Repeat the records in full. No pictures belong in the copy.

(Extracted data entries)
⟨

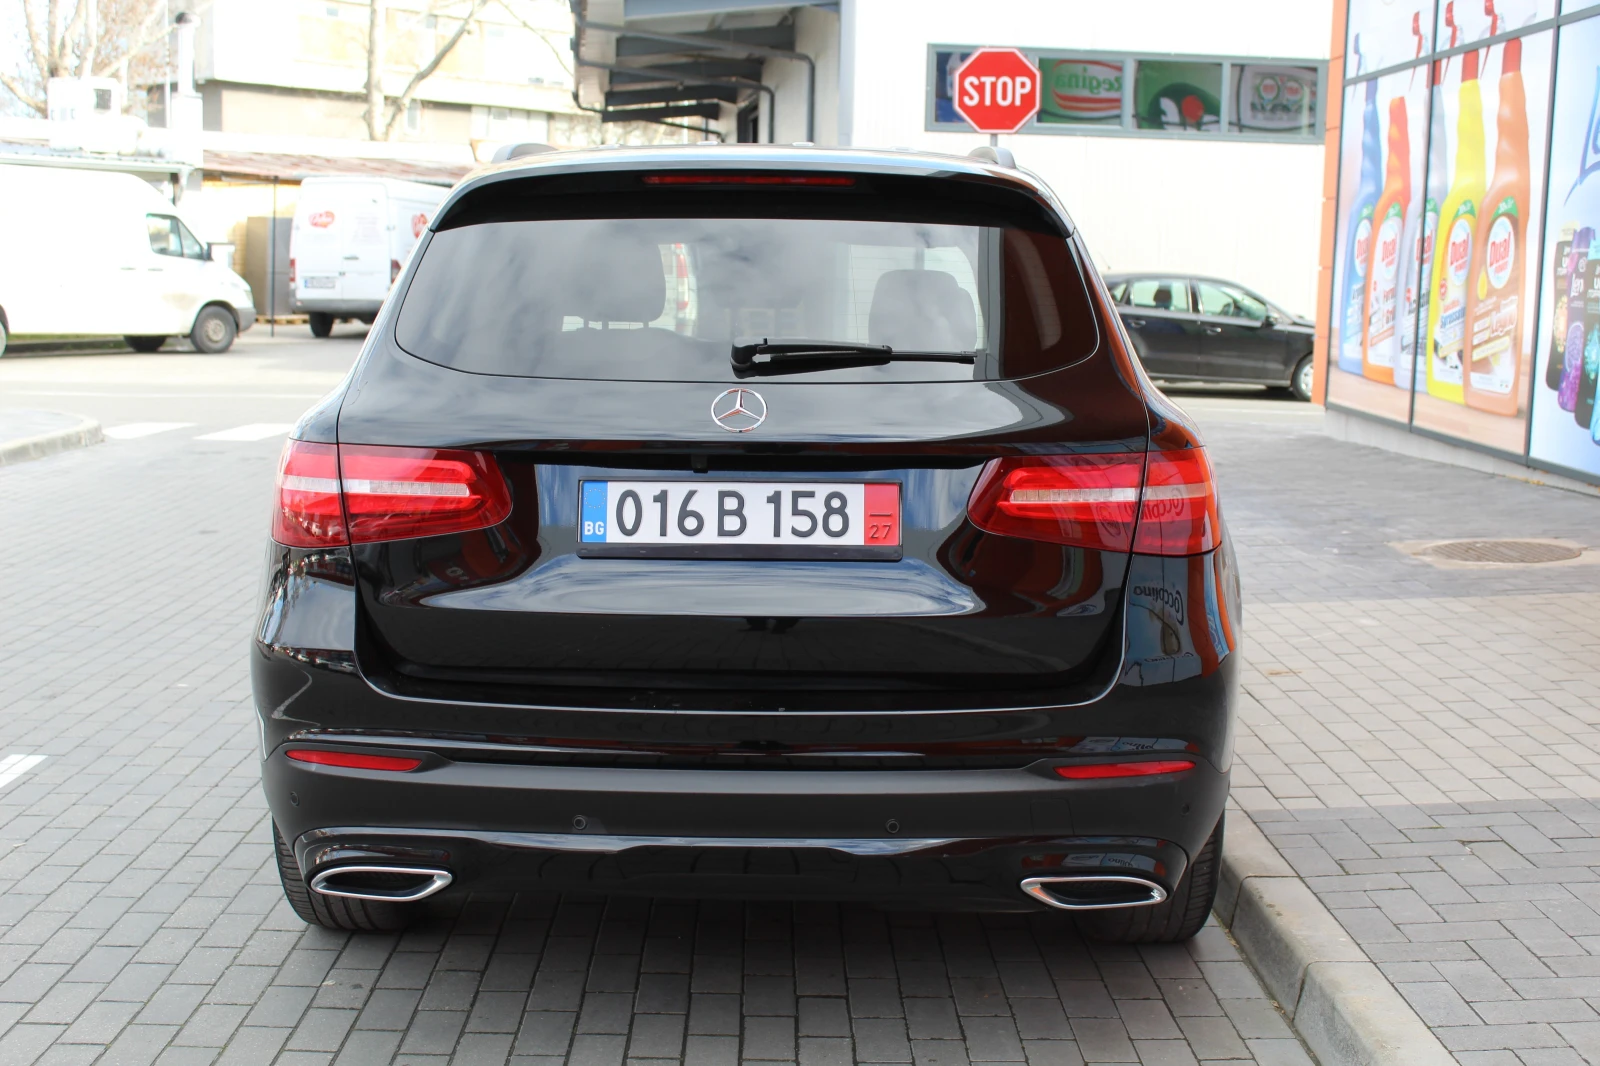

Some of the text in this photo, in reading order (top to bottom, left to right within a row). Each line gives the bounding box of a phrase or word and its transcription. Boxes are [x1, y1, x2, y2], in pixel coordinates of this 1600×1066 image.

[963, 75, 1032, 106] STOP
[616, 489, 850, 538] 016 B 158
[584, 521, 605, 535] BG
[869, 524, 892, 540] 27
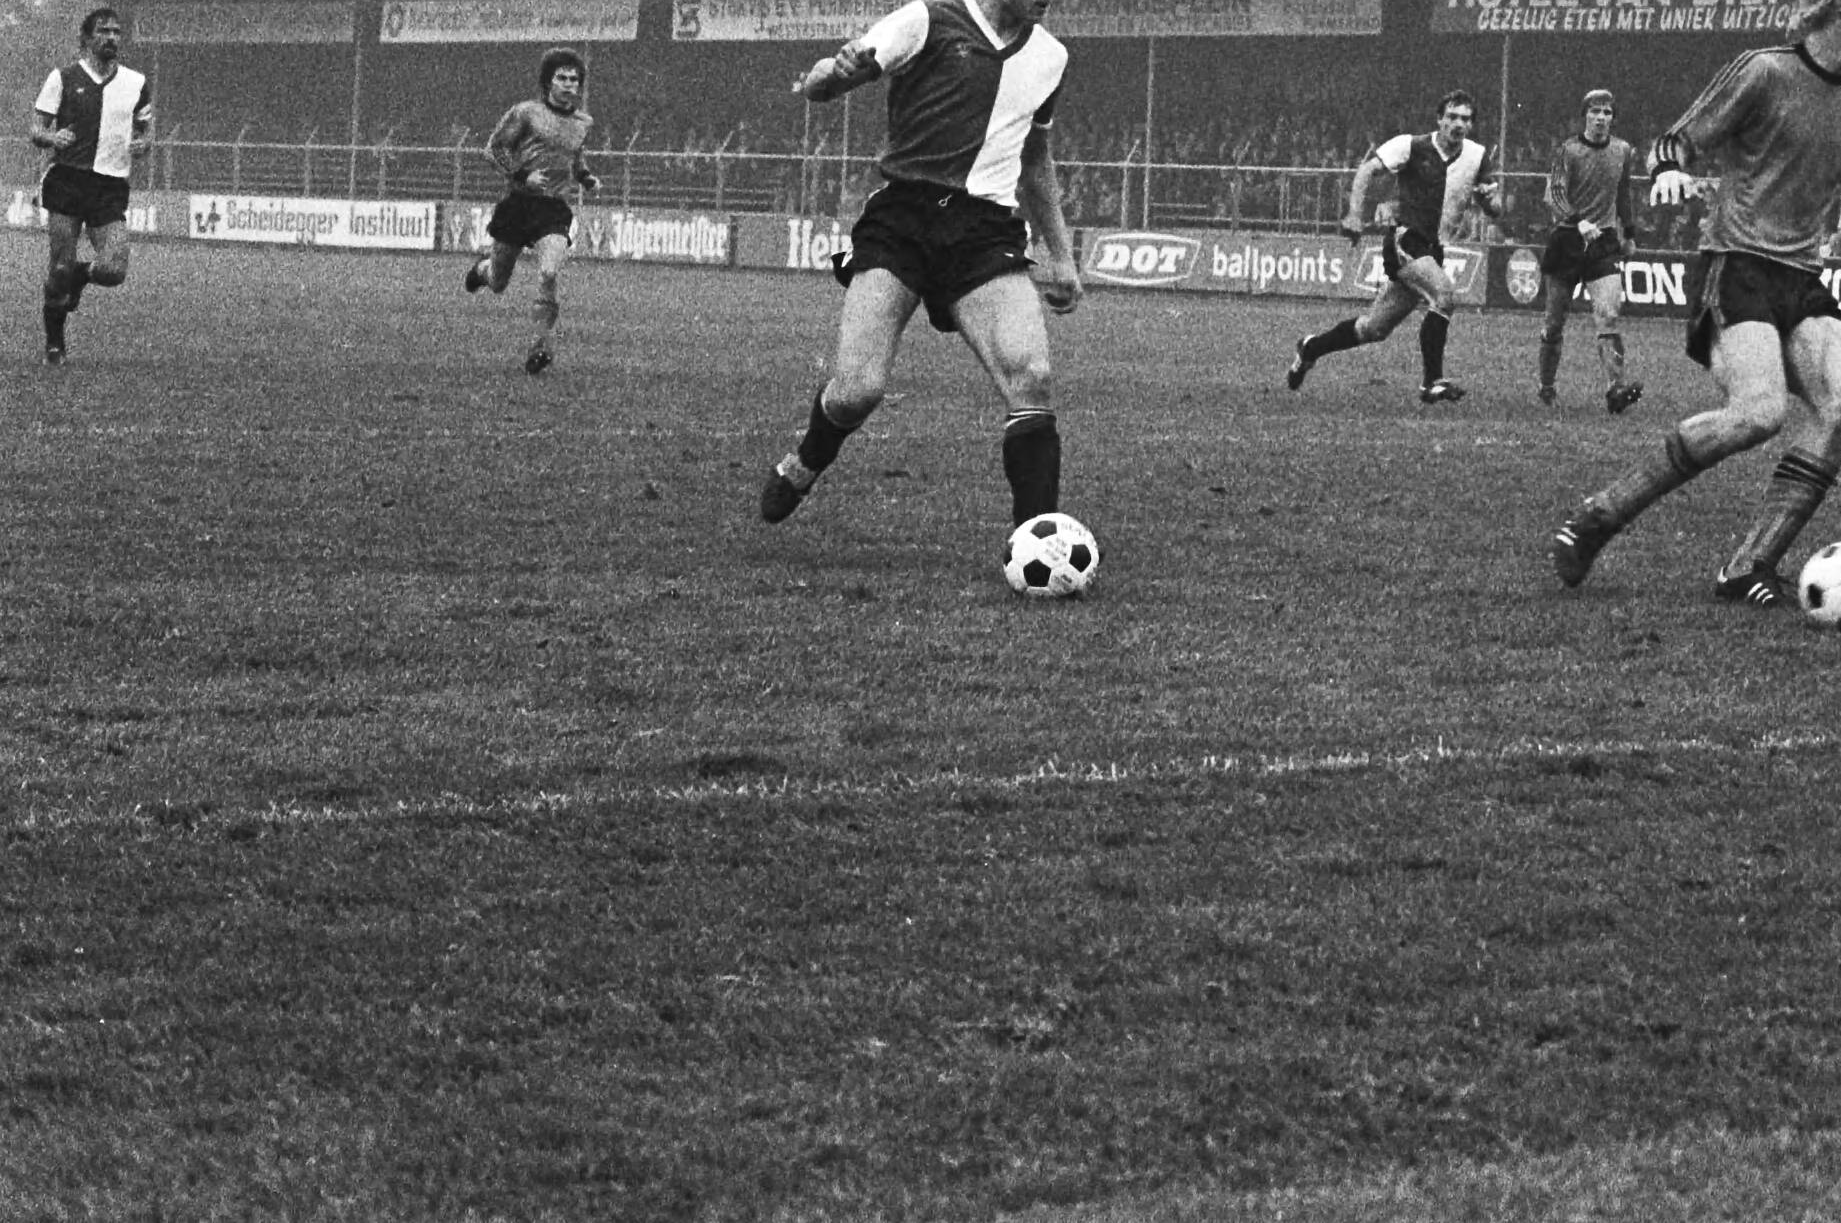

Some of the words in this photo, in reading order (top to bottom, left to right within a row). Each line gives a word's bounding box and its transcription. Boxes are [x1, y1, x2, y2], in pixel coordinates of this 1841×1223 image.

⟩

● **Task response**:
Some of the text in this photo, in reading order (top to bottom, left to right within a row). Each line gives the bounding box of a phrase or word and its transcription. Boxes are [x1, y1, x2, y2], in pixel coordinates of this 1600×1066 image.

[963, 75, 1032, 106] STOP
[616, 489, 850, 538] 016 B 158
[584, 521, 605, 535] BG
[869, 524, 892, 540] 27

Some of the words in this photo, in reading order (top to bottom, left to right within a row). Each line gives a word's bounding box and its transcription. Boxes are [x1, y1, x2, y2], in pixel coordinates of this 1841×1223 image.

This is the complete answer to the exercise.